# DATA RECORDS:
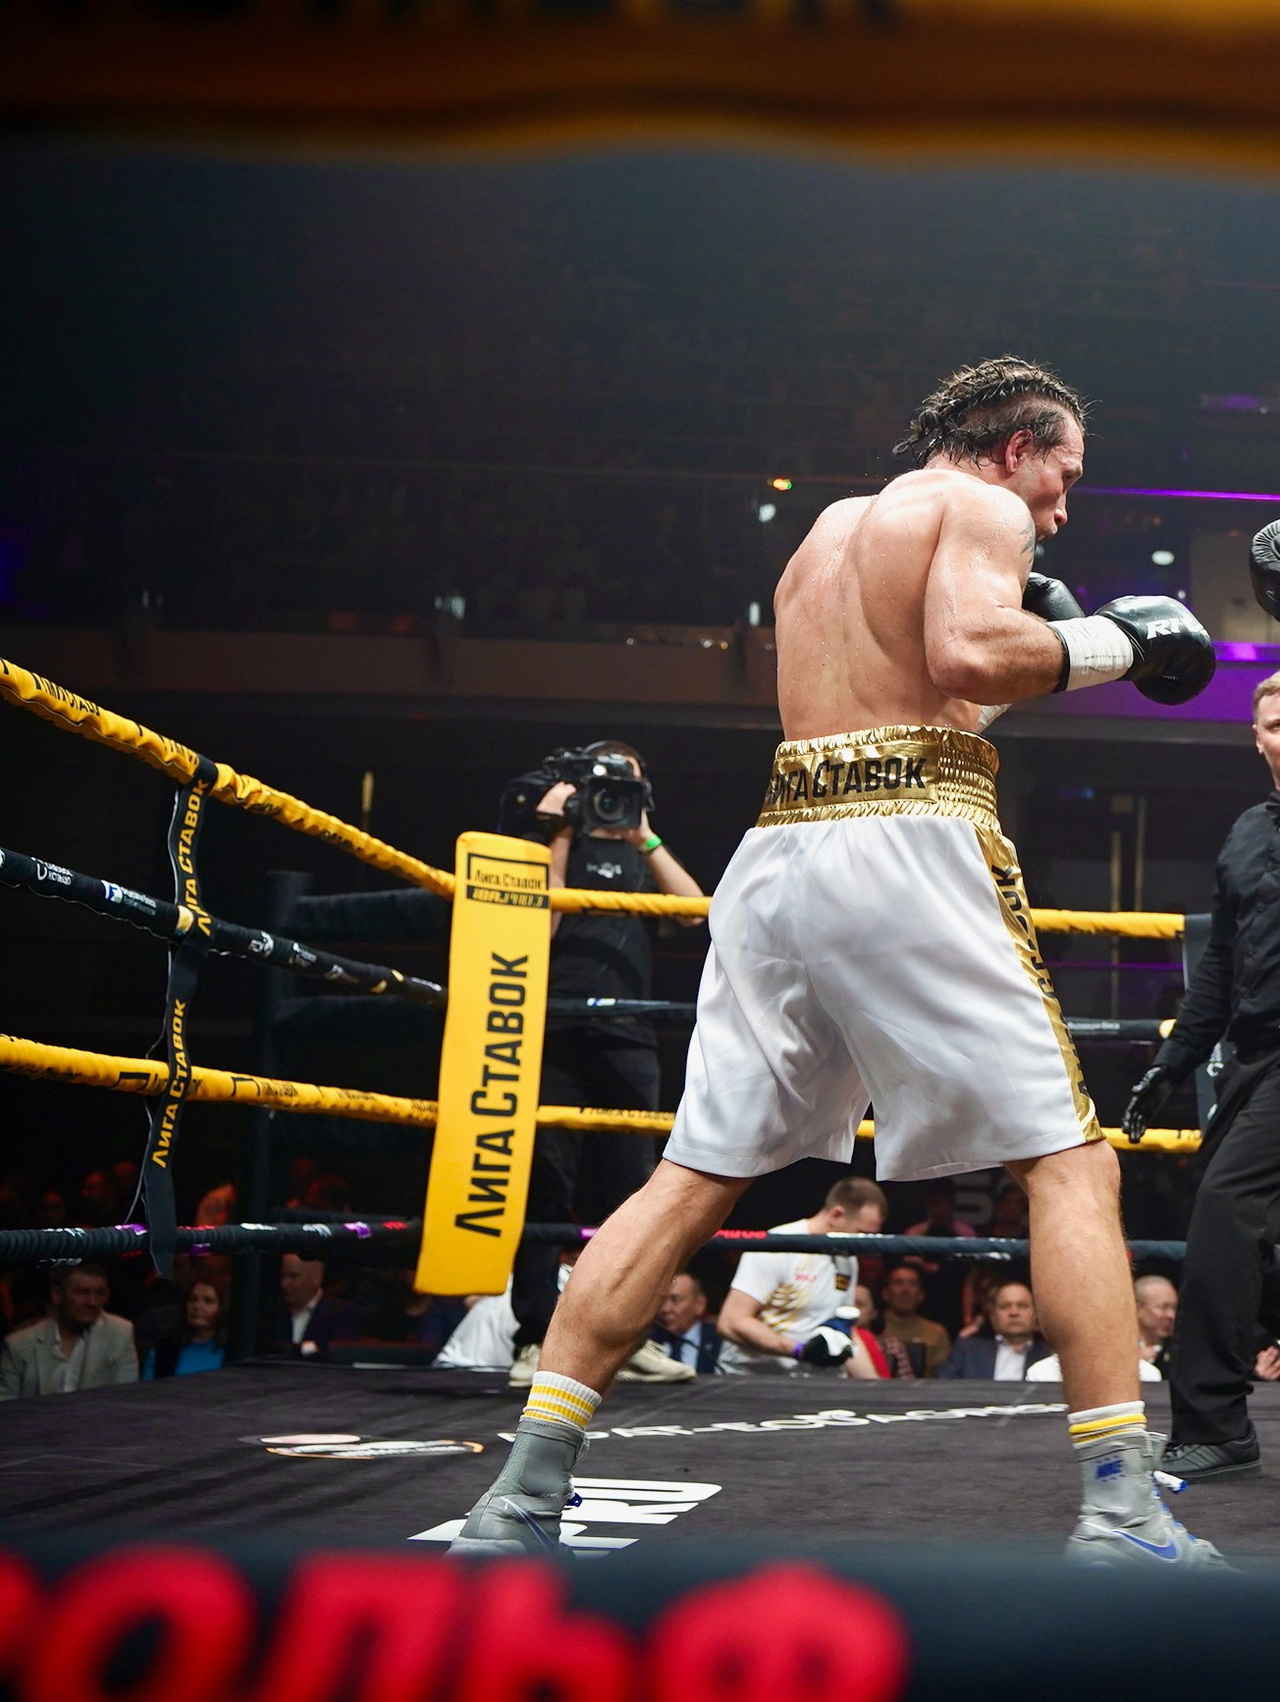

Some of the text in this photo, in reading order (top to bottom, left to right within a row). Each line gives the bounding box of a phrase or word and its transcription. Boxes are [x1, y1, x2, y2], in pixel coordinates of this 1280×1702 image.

[813, 757, 927, 798] СТАВОК
[151, 998, 187, 1169] ЛИГА СТАВОК
[470, 952, 529, 1118] СТАВОК
[454, 1129, 515, 1238] ЛИГА

# REQUIRED ACTION:
Leaving the pictures out, transcribe the entries above exactly as written.

# FINISHED TASK:
Some of the text in this photo, in reading order (top to bottom, left to right within a row). Each line gives the bounding box of a phrase or word and its transcription. Boxes are [x1, y1, x2, y2], in pixel coordinates of this 1280×1702 image.

[813, 757, 927, 798] СТАВОК
[151, 998, 187, 1169] ЛИГА СТАВОК
[470, 952, 529, 1118] СТАВОК
[454, 1129, 515, 1238] ЛИГА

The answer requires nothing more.